*** Block opens ***
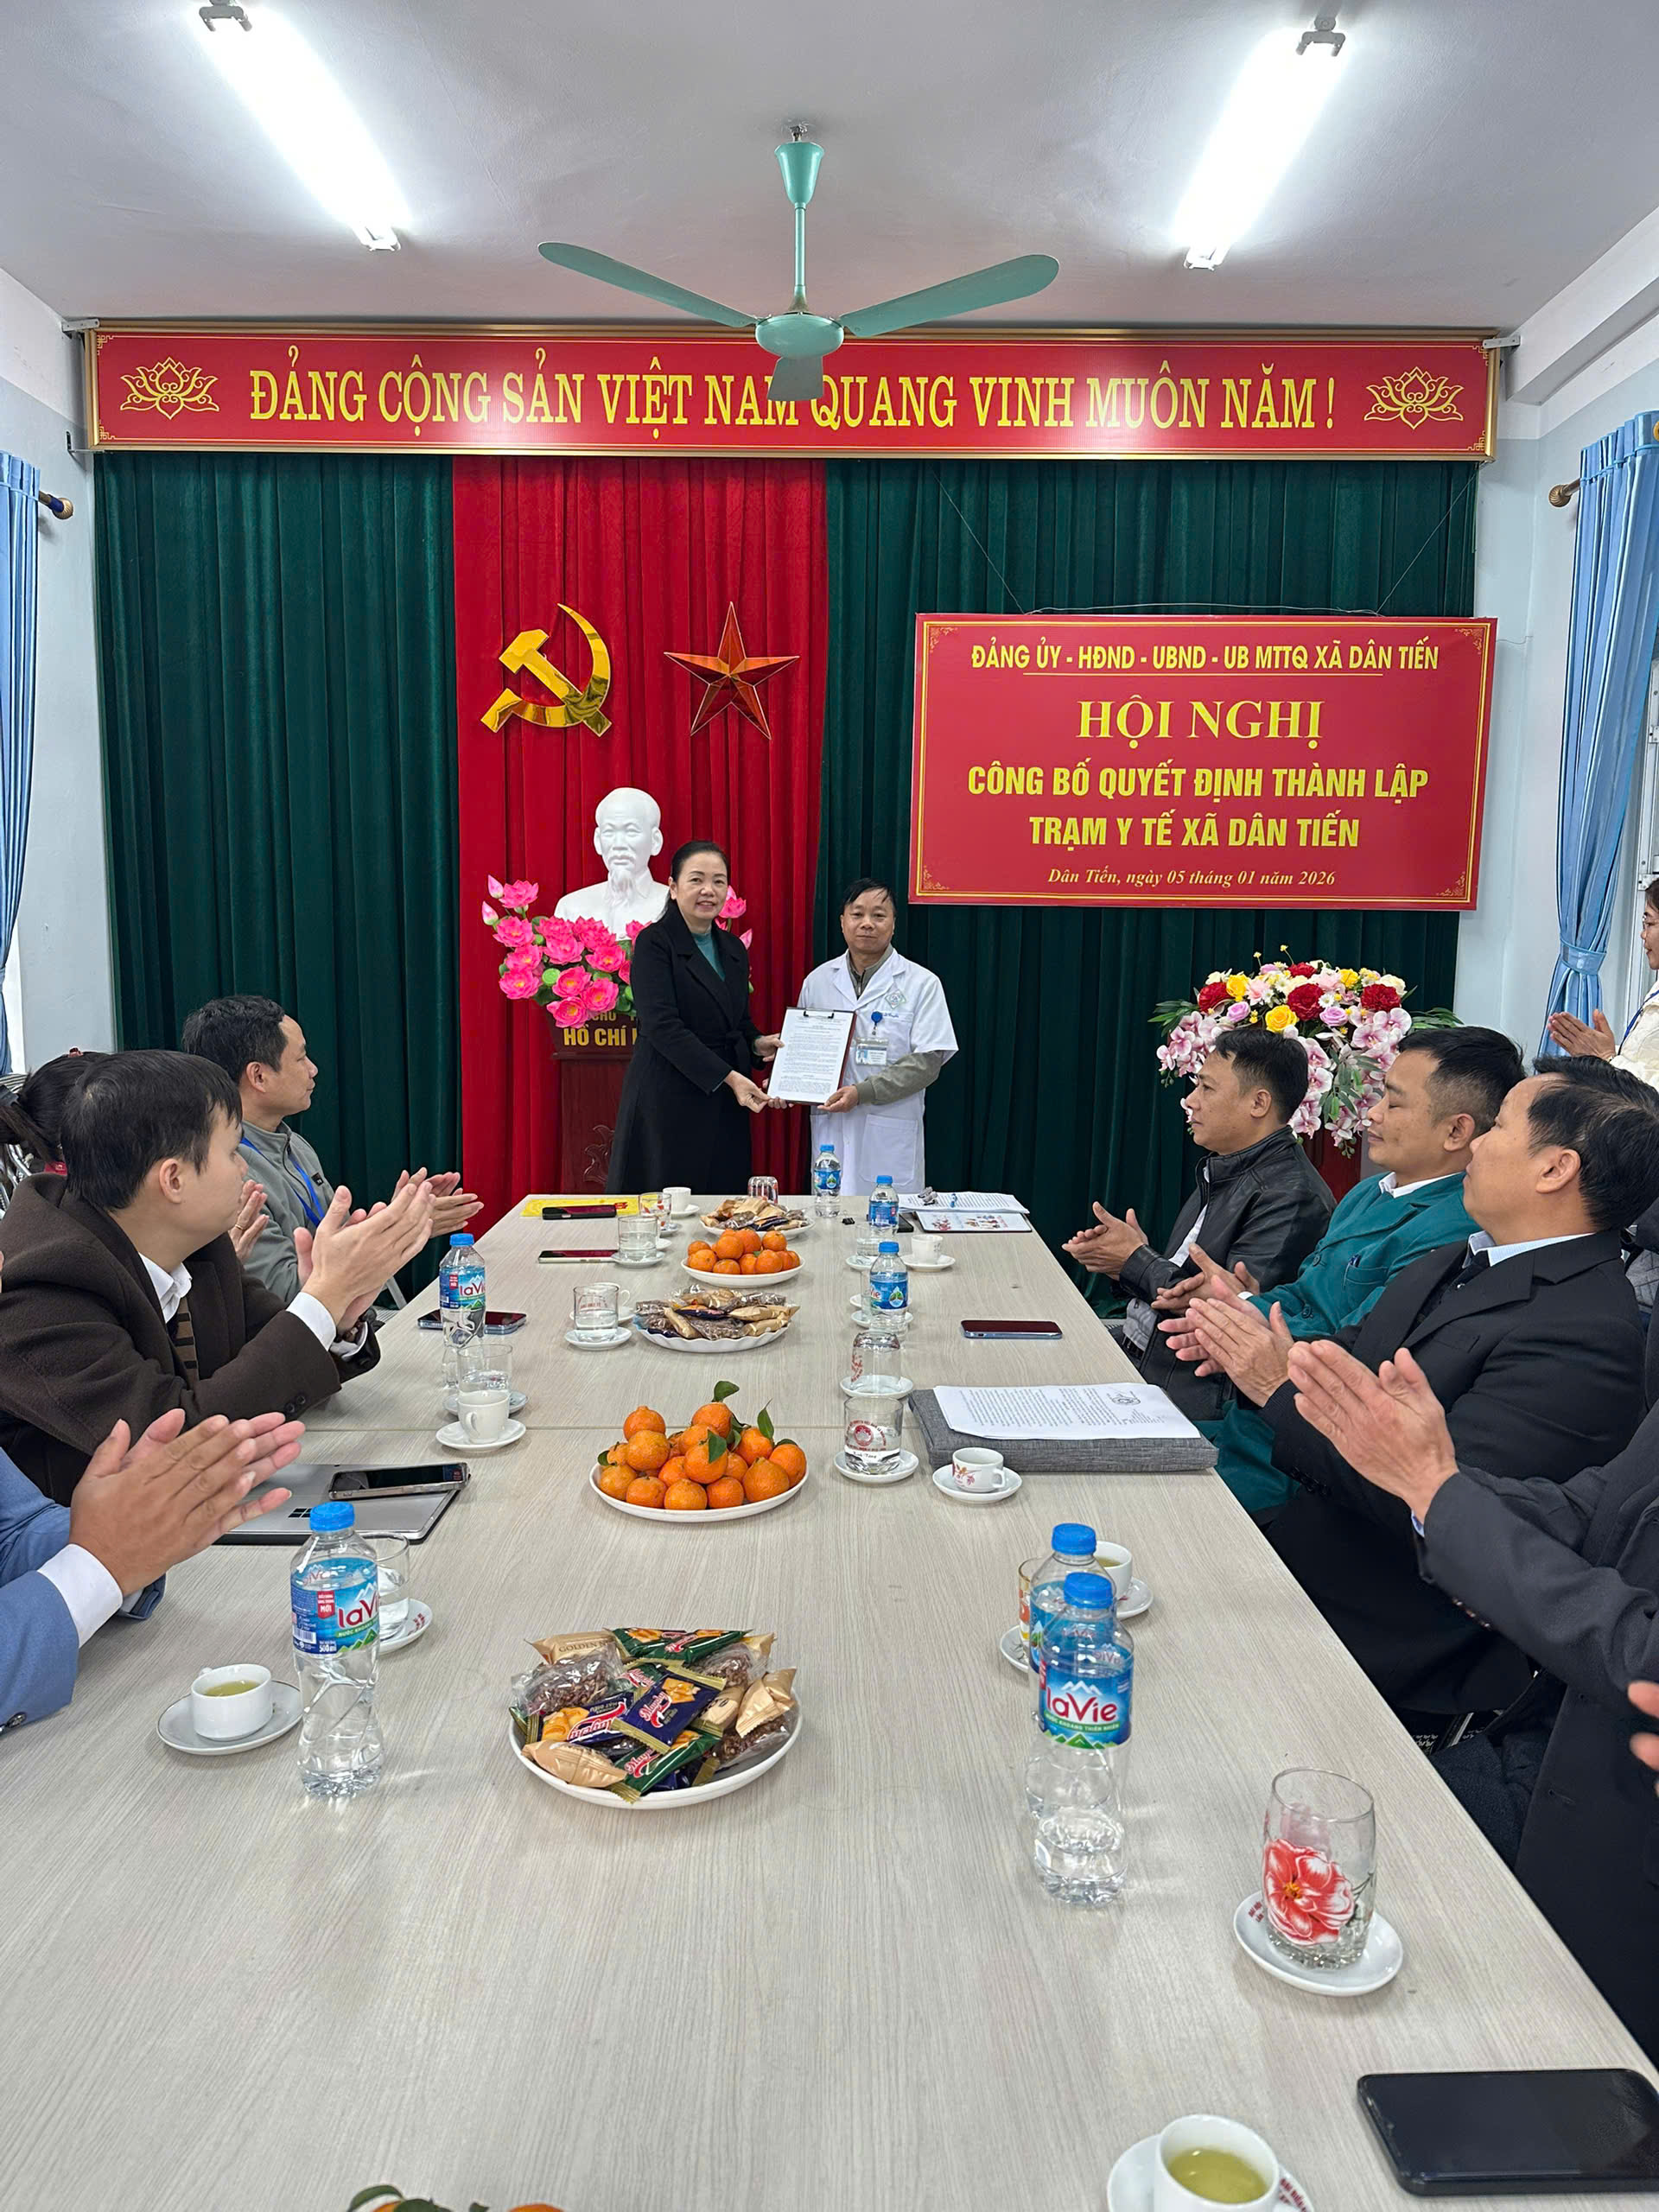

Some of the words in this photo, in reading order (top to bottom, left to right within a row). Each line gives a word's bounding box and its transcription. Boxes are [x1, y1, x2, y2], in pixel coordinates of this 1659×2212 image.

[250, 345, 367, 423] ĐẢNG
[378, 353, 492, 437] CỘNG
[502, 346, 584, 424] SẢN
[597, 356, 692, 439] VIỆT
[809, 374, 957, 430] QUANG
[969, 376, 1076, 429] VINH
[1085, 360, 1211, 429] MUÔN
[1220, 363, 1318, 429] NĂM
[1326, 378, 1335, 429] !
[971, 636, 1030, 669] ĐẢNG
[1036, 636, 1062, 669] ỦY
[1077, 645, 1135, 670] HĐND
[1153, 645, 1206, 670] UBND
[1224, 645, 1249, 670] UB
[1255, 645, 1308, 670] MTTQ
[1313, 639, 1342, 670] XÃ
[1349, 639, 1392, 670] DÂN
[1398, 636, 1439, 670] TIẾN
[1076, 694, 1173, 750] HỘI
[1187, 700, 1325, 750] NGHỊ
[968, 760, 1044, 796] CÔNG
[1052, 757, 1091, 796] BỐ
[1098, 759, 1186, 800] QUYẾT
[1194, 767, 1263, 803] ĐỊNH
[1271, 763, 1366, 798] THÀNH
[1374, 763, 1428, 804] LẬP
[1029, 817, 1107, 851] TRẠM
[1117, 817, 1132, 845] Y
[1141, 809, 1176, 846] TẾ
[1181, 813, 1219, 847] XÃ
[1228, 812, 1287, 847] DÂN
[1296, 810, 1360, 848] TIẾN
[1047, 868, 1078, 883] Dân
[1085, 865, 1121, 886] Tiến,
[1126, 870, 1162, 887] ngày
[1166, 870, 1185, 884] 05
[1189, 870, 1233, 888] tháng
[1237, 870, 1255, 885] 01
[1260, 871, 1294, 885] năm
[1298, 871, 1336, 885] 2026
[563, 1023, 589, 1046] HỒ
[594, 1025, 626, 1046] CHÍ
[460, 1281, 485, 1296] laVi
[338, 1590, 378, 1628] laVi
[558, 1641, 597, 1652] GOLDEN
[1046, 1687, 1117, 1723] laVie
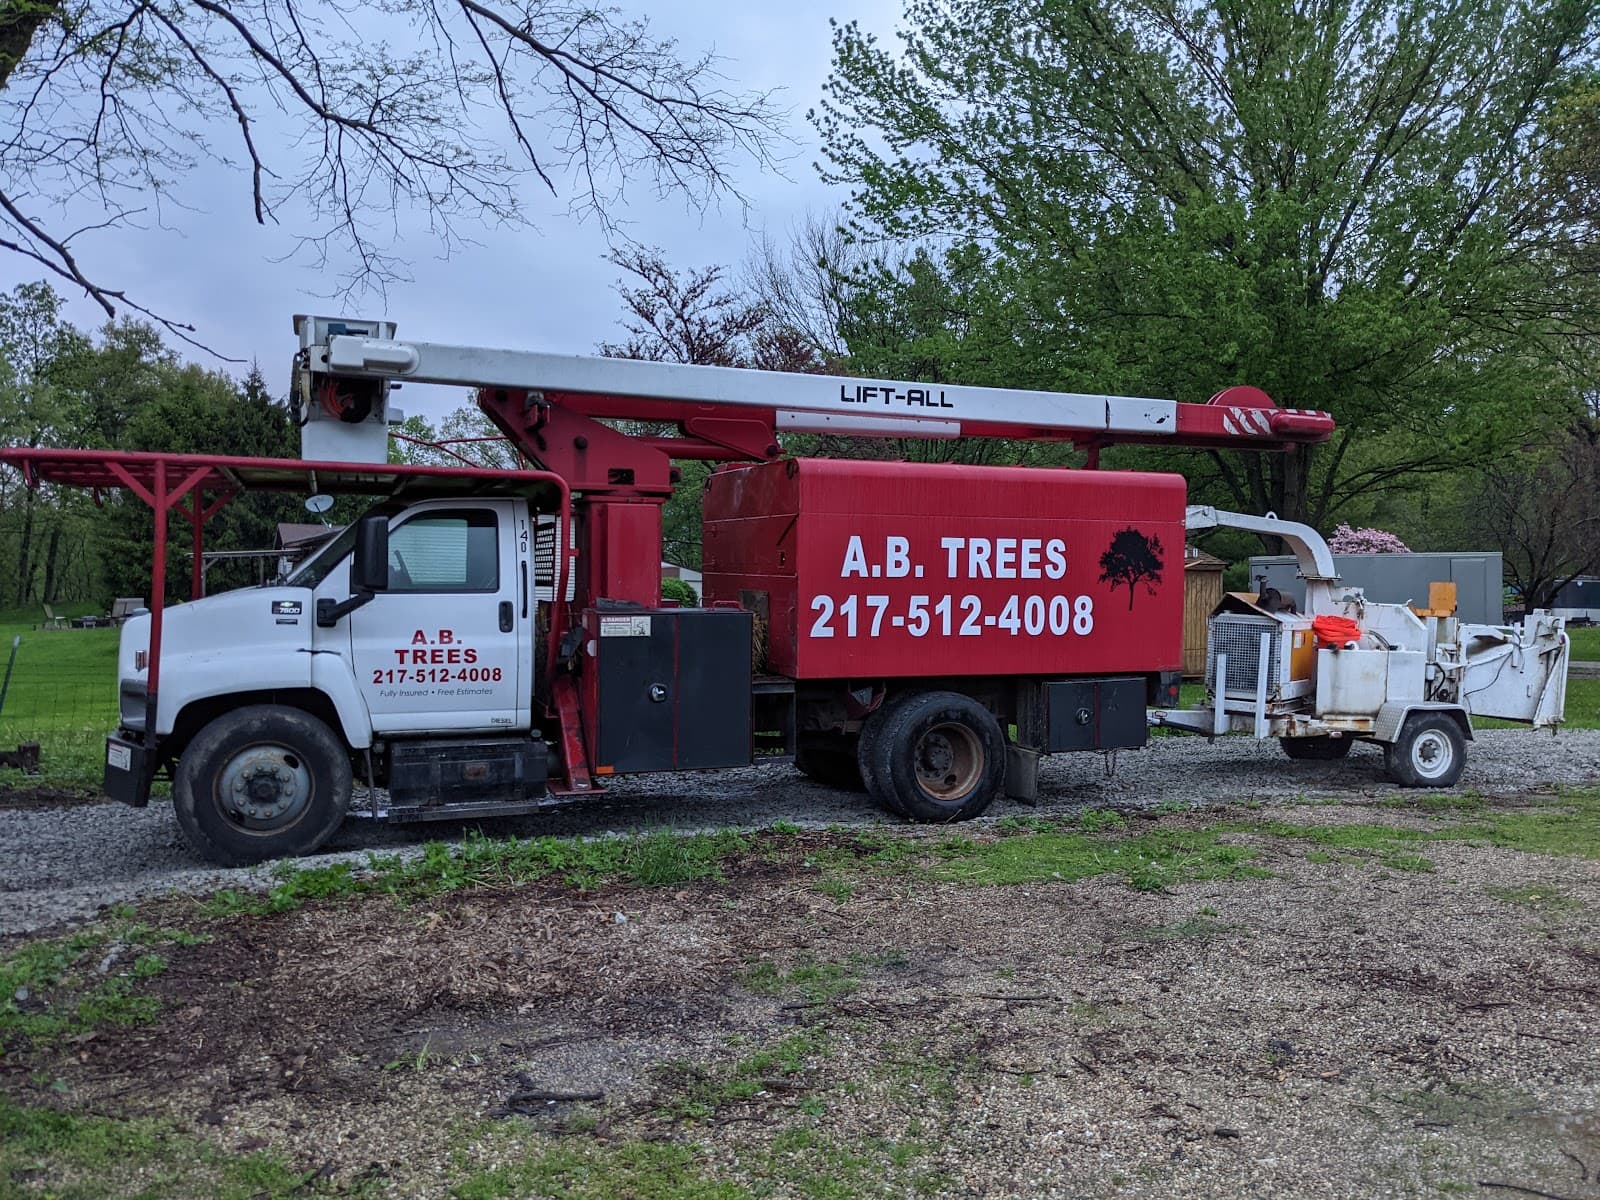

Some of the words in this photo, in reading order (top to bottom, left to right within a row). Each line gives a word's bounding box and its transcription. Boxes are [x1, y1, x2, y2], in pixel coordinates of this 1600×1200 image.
*** Block closes ***
Copy each entry exactly, with no pictures.

Task solution:
Some of the words in this photo, in reading order (top to bottom, left to right within a row). Each line gives a word's bounding box and its transcription. Boxes are [x1, y1, x2, y2], in pixel coordinates of this 1659×2212 image.

[250, 345, 367, 423] ĐẢNG
[378, 353, 492, 437] CỘNG
[502, 346, 584, 424] SẢN
[597, 356, 692, 439] VIỆT
[809, 374, 957, 430] QUANG
[969, 376, 1076, 429] VINH
[1085, 360, 1211, 429] MUÔN
[1220, 363, 1318, 429] NĂM
[1326, 378, 1335, 429] !
[971, 636, 1030, 669] ĐẢNG
[1036, 636, 1062, 669] ỦY
[1077, 645, 1135, 670] HĐND
[1153, 645, 1206, 670] UBND
[1224, 645, 1249, 670] UB
[1255, 645, 1308, 670] MTTQ
[1313, 639, 1342, 670] XÃ
[1349, 639, 1392, 670] DÂN
[1398, 636, 1439, 670] TIẾN
[1076, 694, 1173, 750] HỘI
[1187, 700, 1325, 750] NGHỊ
[968, 760, 1044, 796] CÔNG
[1052, 757, 1091, 796] BỐ
[1098, 759, 1186, 800] QUYẾT
[1194, 767, 1263, 803] ĐỊNH
[1271, 763, 1366, 798] THÀNH
[1374, 763, 1428, 804] LẬP
[1029, 817, 1107, 851] TRẠM
[1117, 817, 1132, 845] Y
[1141, 809, 1176, 846] TẾ
[1181, 813, 1219, 847] XÃ
[1228, 812, 1287, 847] DÂN
[1296, 810, 1360, 848] TIẾN
[1047, 868, 1078, 883] Dân
[1085, 865, 1121, 886] Tiến,
[1126, 870, 1162, 887] ngày
[1166, 870, 1185, 884] 05
[1189, 870, 1233, 888] tháng
[1237, 870, 1255, 885] 01
[1260, 871, 1294, 885] năm
[1298, 871, 1336, 885] 2026
[563, 1023, 589, 1046] HỒ
[594, 1025, 626, 1046] CHÍ
[460, 1281, 485, 1296] laVi
[338, 1590, 378, 1628] laVi
[558, 1641, 597, 1652] GOLDEN
[1046, 1687, 1117, 1723] laVie

Some of the words in this photo, in reading order (top to bottom, left to right within a row). Each line gives a word's bounding box and its transcription. Boxes are [x1, y1, x2, y2], in pixel coordinates of this 1600×1200 image.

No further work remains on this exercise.